The two direct mine hits on the Mohne dam resulted in a breach around 250 feet (76 meters) wide and 292 feet (89 meters) deep. The destroyed dam poured around 330 million tons of water (equivalent to a cube 687 meters on each side) into the western Ruhr region. A torrent of water around 32.5 feet (10 meters) high and travelling at around 15 mph (24 km/h) swept through the valleys of the Mohne and Ruhr rivers.
A few underground mines were flooded; 11 small factories and 92 houses were destroyed and 114 factories and 971 houses were damaged. The floods washed away about 25 roads, railways and bridges as the flood waters spread for around 50 miles (80 km) from the source. Estimates show that before 15 May 1943 water production on the Ruhr was 1 million tonnes, this dropped to a quarter of that level after the raid.

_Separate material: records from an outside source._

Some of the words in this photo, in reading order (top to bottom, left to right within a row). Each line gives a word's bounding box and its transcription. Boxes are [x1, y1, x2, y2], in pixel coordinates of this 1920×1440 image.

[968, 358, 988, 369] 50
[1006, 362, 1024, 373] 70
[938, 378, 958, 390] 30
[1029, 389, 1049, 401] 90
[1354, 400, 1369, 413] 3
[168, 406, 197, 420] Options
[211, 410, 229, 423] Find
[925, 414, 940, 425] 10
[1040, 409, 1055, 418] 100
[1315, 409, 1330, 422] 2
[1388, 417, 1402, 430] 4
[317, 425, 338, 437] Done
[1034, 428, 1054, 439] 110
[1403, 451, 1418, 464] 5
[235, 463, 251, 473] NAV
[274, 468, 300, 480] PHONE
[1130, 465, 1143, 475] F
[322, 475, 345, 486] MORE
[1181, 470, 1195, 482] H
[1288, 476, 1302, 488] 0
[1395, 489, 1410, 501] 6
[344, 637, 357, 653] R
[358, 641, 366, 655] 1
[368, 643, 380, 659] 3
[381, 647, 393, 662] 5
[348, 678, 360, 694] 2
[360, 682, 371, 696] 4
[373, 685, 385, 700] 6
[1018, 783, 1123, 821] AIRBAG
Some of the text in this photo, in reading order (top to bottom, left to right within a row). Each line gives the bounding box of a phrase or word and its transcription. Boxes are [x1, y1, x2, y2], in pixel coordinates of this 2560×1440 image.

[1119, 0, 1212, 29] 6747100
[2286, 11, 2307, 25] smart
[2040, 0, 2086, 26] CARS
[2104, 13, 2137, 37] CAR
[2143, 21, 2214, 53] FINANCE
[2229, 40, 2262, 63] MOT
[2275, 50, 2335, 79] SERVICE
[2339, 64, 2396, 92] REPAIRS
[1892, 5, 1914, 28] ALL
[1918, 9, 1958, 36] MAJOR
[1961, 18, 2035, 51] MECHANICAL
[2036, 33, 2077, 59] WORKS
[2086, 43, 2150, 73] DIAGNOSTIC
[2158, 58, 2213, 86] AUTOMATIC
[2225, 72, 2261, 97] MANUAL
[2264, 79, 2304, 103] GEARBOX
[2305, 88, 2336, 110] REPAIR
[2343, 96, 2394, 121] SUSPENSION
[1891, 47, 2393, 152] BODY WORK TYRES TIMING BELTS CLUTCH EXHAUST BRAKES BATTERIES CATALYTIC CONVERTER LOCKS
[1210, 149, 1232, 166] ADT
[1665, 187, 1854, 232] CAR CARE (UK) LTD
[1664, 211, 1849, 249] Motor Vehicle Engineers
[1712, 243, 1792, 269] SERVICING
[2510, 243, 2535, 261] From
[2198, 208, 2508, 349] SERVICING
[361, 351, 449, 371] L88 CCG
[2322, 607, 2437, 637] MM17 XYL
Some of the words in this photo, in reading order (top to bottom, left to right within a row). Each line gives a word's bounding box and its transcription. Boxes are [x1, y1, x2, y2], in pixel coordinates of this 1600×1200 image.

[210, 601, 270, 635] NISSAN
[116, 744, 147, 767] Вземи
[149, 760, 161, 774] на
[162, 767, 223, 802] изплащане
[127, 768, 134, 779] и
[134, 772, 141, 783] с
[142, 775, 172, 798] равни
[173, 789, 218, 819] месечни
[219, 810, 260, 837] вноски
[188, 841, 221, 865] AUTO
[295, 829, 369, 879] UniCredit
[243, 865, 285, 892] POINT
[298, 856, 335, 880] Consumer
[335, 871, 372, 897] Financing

The Eder drains towards the east into the Fulda which runs into the Weser to the North Sea. The main purpose of the Eder dam was then, as it is now, to act as a reservoir to keep the Weser and the Mittell and kanal navigable during the summer months. The wave from the breach was not strong enough to result in significant damage by the time it hit Kassel (approx. 35 km downstream).
The loss of hydro-electric power from the dams was the greatest impact on the Ruhr armaments production. Two powerplants (producing 5,100 kilowatts) associated with the dam were destroyed and seven others were damaged.
Perhaps the greatest value of the bombing can best be seen as a very real morale booster. The pictures of the broken dams proved to be a propaganda and morale boost to the Allies, especially to the British, still suffering under German bombing.